适用于所有容器服务Kubernetes集群。

  1. 创建可信实体为阿里云账号的RAM角色,以供ack-secret-manager组件使用。具体操作,请参见创建可信实体为阿里云账号的RAM角色

  2. 创建自定义授权策略并为上一步已创建的RAM角色授权。

    1. 创建访问OOS服务加密参数所需的权限策略。策略内容如下。具体操作,请参见创建自定义权限策略

      {
        "Action": [
          "oos:GetSecretParameter",
          "kms:GetSecretValue"
        ],
        "Resource": [
          "*"
        ],
        "Effect": "Allow"
      }
      
    2. 为上一步已创建的RAM角色授权。具体操作,请参见RAM角色授权

  3. 创建扮演上述角色的自定义授权策略,并为指定的RAM用户授权。

    1. 创建扮演上述角色的自定义授权策略。策略内容如下。具体操作,请参见创建自定义权限策略

      {
          "Statement": [
              {
                  "Action": "sts:AssumeRole",
                  "Effect": "Allow",
                  "Resource": "acs:ram::***:role/****"  # 方式三的步骤1创建的RAM角色ARN。
              }
          ],
          "Version": "1"
      }
    2. 为指定的RAM用户授权。具体操作,请参见RAM用户授权

  4. 创建Secret用于存放指定RAM用户的AK、SK信息。

    1. 使用以下内容,替换您的AK、SKBase64编码信息后,创建ramuser.yaml文件。

      apiVersion: v1
      data:
        accessKey: {AK base64编码}
        accessKeySecret: {SK base64 编码}
      kind: Secret
      metadata:
        name: ramuser
        namespace: kube-system
      type: Opaque
    2. 执行以下命令,创建名为ramuserSecret。

      kubectl apply -f ramuser.yaml
  1. 创建自定义资源SecretStore关联对应的认证方式并部署。

    1. 使用以下内容,替换相关字段后,创建secretstore-ramrole.yaml文件。

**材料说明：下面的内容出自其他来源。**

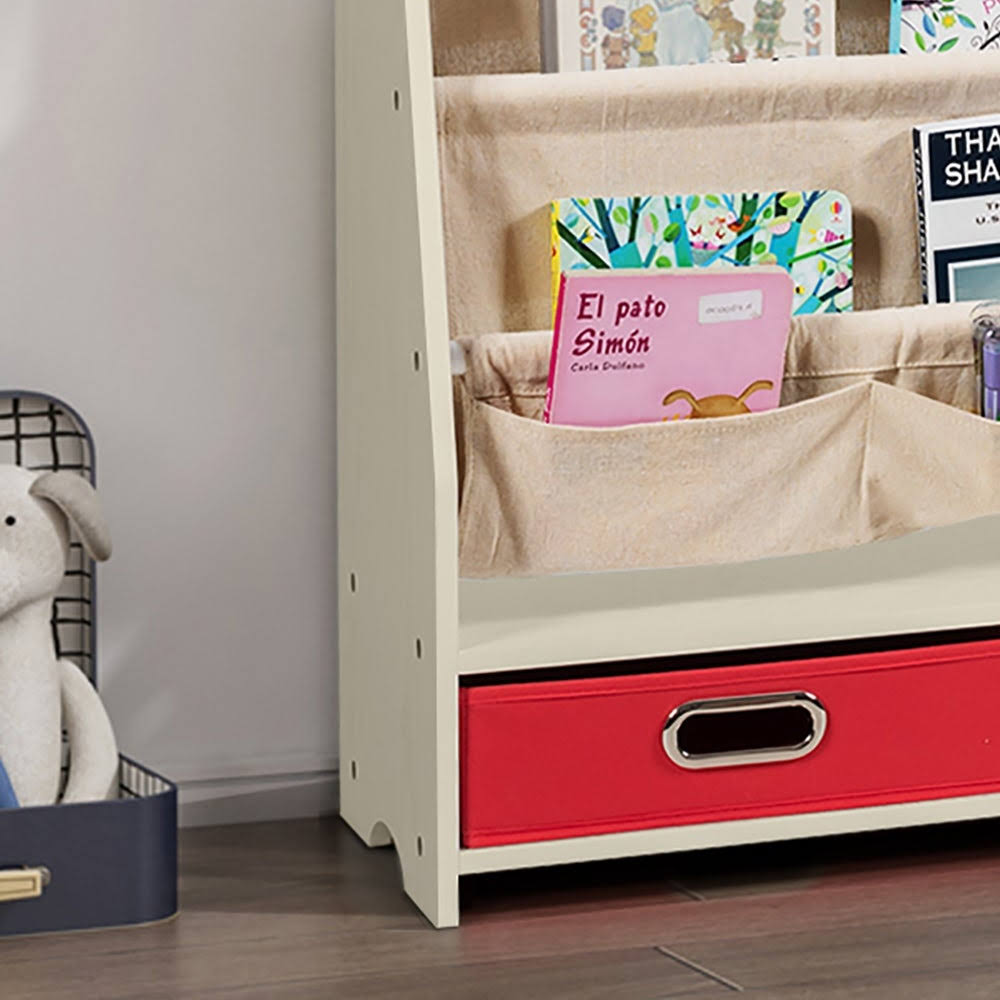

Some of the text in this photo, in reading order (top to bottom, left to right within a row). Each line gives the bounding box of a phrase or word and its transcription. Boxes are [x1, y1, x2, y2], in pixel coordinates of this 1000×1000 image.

[577, 293, 666, 326] El pato
[572, 328, 650, 356] Simón
[570, 361, 599, 372] Carla
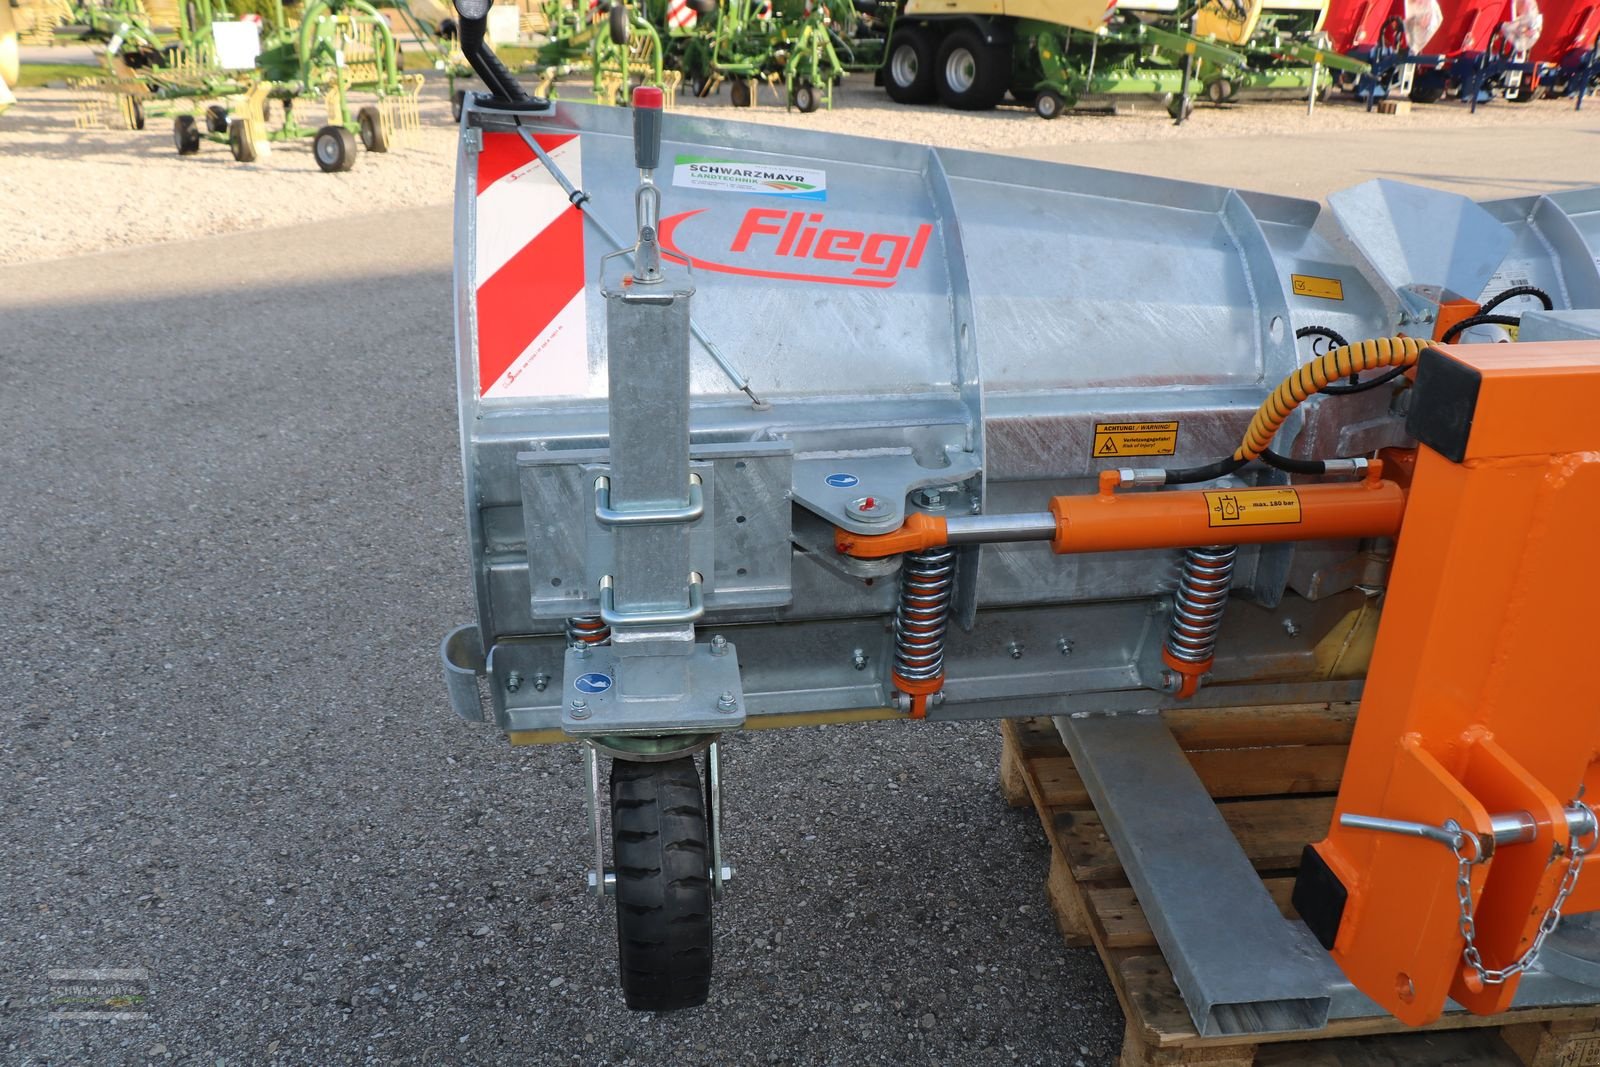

      • {accountID}:替换为同步OOS加密参数的阿里云账号ID。

      • {roleName}:替换为步骤1中创建的RAM角色名称。

      • {secretName} :替换为存储AK、SKSecret名称。

      • {secretNamespace} :替换为存储AK、SKSecretNamespace。

      • {secretKey} :替换为存储AK、SKSecret Key。

      • {roleSessionName} :替换为角色会话名称(自定义字符串)。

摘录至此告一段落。